I was talking about money actually - 256 cores system will be very expensive. But looking onto your example... from my experience it requires quite a lot of time to find the problem in the threaded application when somebody forget to lock shared variable before changing its value.

Upd: And the tests are not correct BTW. Time required for creating new thread depends on the size of all existing variables.

I was talking about money actually - 256 cores system will be very expensive.

I'm not sure about the relevance of that?

When it is affordable--it's already available; the IBM Power 795 can have 256 cores and 4 hardware threads per core) giving a 1024 thread processor in a box--a threaded solution will port to it with the change of one number.

Two years or so ago, 4 cores were horribly expensive. I now have one sitting in front of me that cost about the same as a high end smartphone!

Next year will see the release of 16-core commodity processors, some with 2-way hyper threading. When my next "refresh" cycle comes around in 2012, I'll be looking for 16-cores for dirt cheap price. I'll probably have to wait until towards the end of the year, rather than the beginning. I'll also be looking to have 512/1024 core GPU in the same box for the same price.

I know POE can span clusters, but clusters don't make sense. Other than as a stop gap solution until a multi-core fitting your aspirations or price becomes available.

For why, there is a wonderful example of the problem cited in an article I read just today. The fourth para (starting "For example") is the crux of the cluster problem (albeit this example is gpus).

Just as scaling with processes tops out very quickly because of the costs of IPC; so clustering tops out even more quickly because of the even higher costs of inter-box network comms (INC). And as processors become more efficient at processing a given volume of data, so the ratio of non-productive IPC and INC to useful CPU work grows.

And the tests are not correct BTW. Time required for creating new thread depends on the size of all existing variables.

Yes. That is an annoying detail of the ithreads implementation. But, it is quite easy to avoid; you just spawn your workers early, and have them require rather than use what they (individually) need.
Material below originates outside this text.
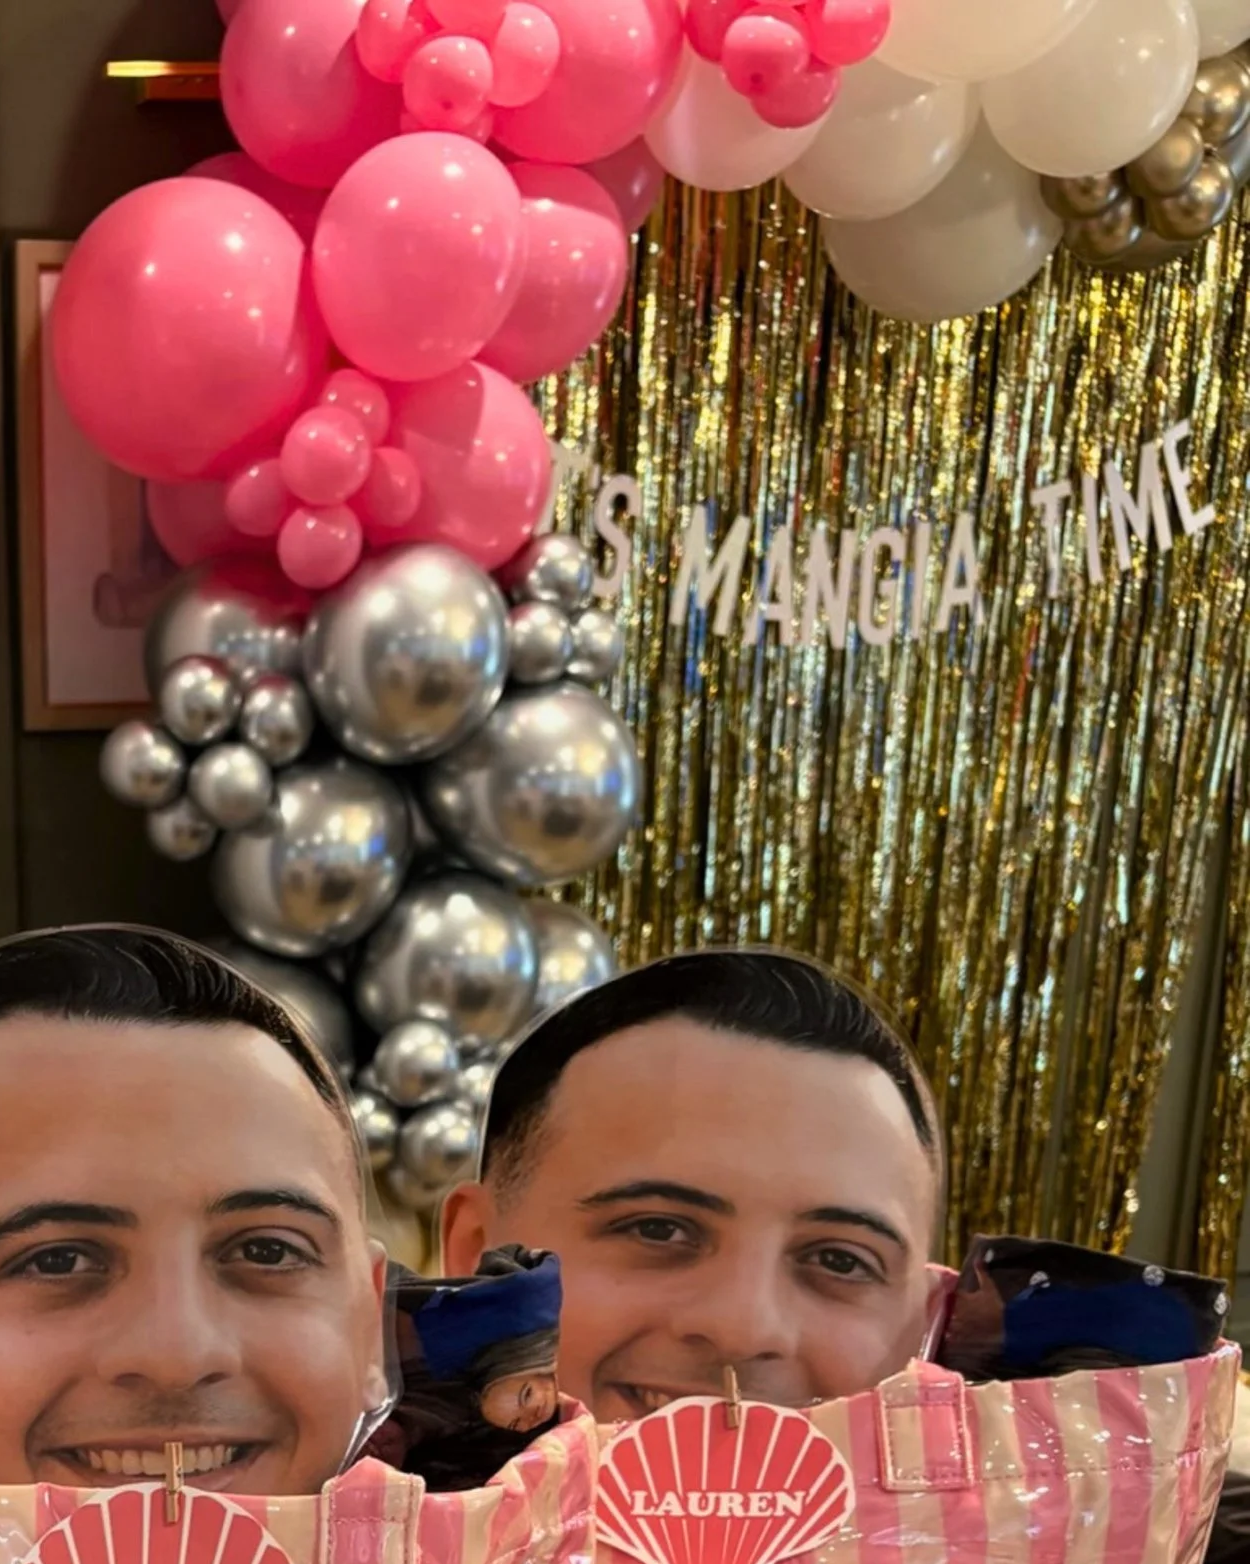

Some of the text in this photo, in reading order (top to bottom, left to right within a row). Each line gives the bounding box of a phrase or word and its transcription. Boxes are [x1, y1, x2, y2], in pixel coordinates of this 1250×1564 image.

[672, 505, 985, 649] MANGIA
[1031, 420, 1215, 598] TIME
[631, 1490, 806, 1517] LAUREN
But forks face a similar problem--indeed, the copy problem exists in iThreads specifically because of the attempt to make threading look like fork. If you need to share data between forks, there is still a "duplication penalty", although it is disguised by coming at use-time, rather than spawn-time.
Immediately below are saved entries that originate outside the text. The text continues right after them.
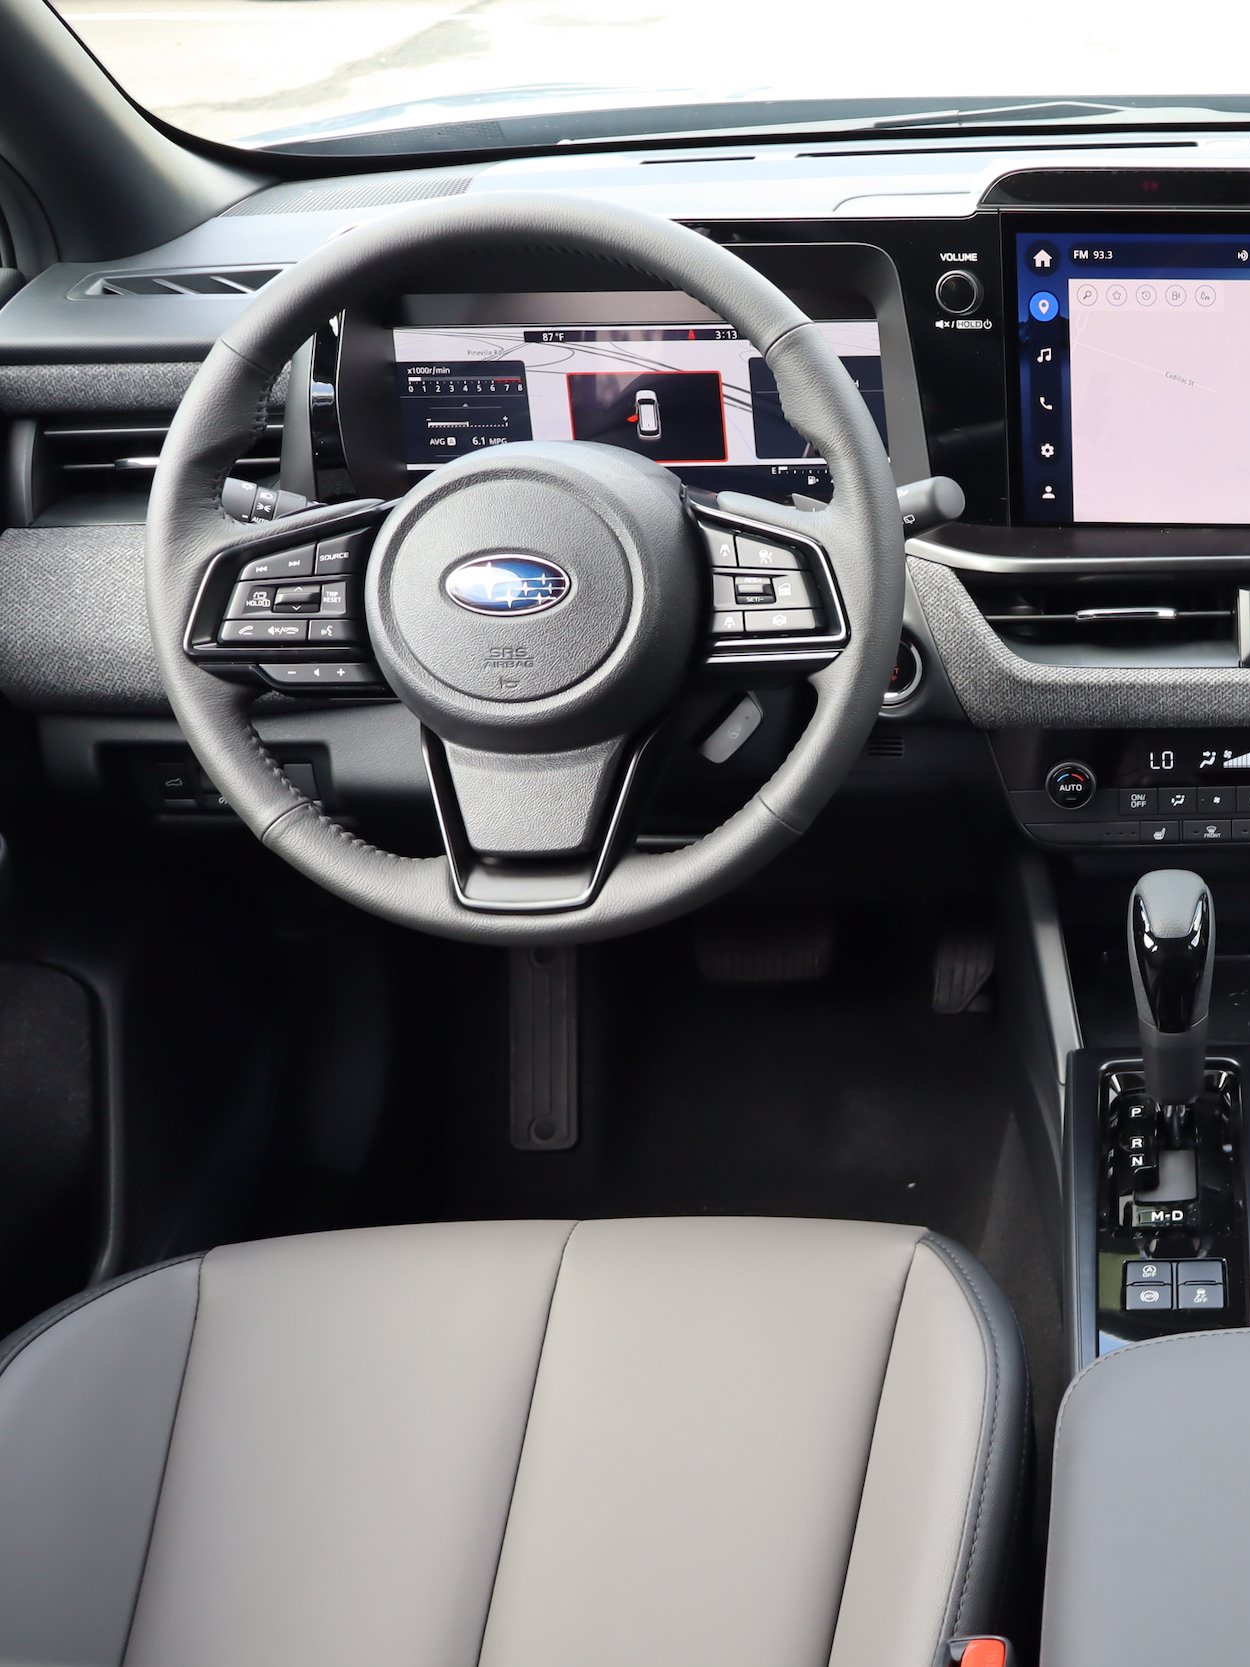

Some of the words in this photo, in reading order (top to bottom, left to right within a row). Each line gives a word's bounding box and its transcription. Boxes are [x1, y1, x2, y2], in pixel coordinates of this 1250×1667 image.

[940, 253, 977, 261] VOLUME
[1074, 250, 1088, 259] FM
[1093, 250, 1112, 259] 93.3
[715, 330, 737, 339] 3:13
[407, 366, 450, 375] x1000r/min
[490, 384, 495, 392] 6
[505, 384, 510, 392] 7
[518, 384, 523, 392] 8
[430, 438, 445, 446] AVG
[472, 437, 486, 445] 6.1
[320, 552, 349, 561] SOURCE
[489, 648, 528, 658] SRS
[482, 660, 534, 668] AIRBAG
[1150, 751, 1174, 769] LO
[1059, 784, 1082, 792] AUTO
[1131, 1108, 1142, 1116] P
[1132, 1139, 1143, 1147] R
[1131, 1157, 1143, 1165] N
COW may appear to avoid the need to duplicate data memory, but it just means it gets duplicated piecemeal on use, rather than in one lump up front. Even if it is "read-only" in the sense of your program, it is often modified by simple "read-only" accesses.

Use $#array and a 4k page of COW'd memory get copied. Use a regex on a string that alters its pos, and another 4k page gets copied. Even if the string is only 4 characters. Use a single scalar, instantiated as a number, in a string context, and another 4k page gets copied. Use each, keys, or values on a hash, and (at least) another 4k gets copied.

These piecemeal requests for another single page of VM followed by a 4k copy through ring 0 add up to far more than an up-front single request for as many pages of VM as are required followed by a single ring 3 rep mov.

---

Examine what is said, not who speaks -- Silence betokens consent -- Love the truth but pardon error.

"Science is about questioning the status quo. Questioning authority".

In the absence of evidence, opinion is indistinguishable from prejudice.

RIP an inspiration; A true Folk's Guy

Use $#array and a 4k page of COW'd memory get copied...and (at least) another 4k gets copied

This is only true if all these variables reside in different memory pages, otherwise just one page is copied (and afterwards, the copy is modified). As such, this example of events is misleading.

These piecemeal requests for another single page of VM followed by a 4k copy through ring 0 add up to far more than an up-front single request for as many pages of VM as are required followed by a single ring 3 rep mov.

Umm, when put as the general case, no. Moving stuff around in RAM is expensive. The CPU/MMU operations required to throw a page fault and allocate memory are insignificant compared to the time it takes to actually copy the data in memory. Which means that there is only a very slight difference (over the lifetime of a process) between copying the whole process address space in one move or doing so whenever a page is dirtied.

Also, for most use cases, the process will not have to read/write access its entire memory throughout its lifetime. For the far more common usage scenario, when part of the memory remains untouched and therefore shared, copy-on-write is far more efficient than copy-all-at-once (even only talking about speed, this is obviously even more true for process memory consumption).


All dogma is stupid.

an up-front single request for as many pages of VM as are required followed by a single ring 3 rep mov.

I don't think so. Each variable should be copied separately, and you have to fix the references. So it's much more than single memory allocation.

Yes. That is an annoying detail of the ithreads implementation. But, it is quite easy to avoid; you just spawn your workers early, and have them require rather than use what they (individually) need.

Sorry, don't see how this can help. Workers usually all need the same set of modules.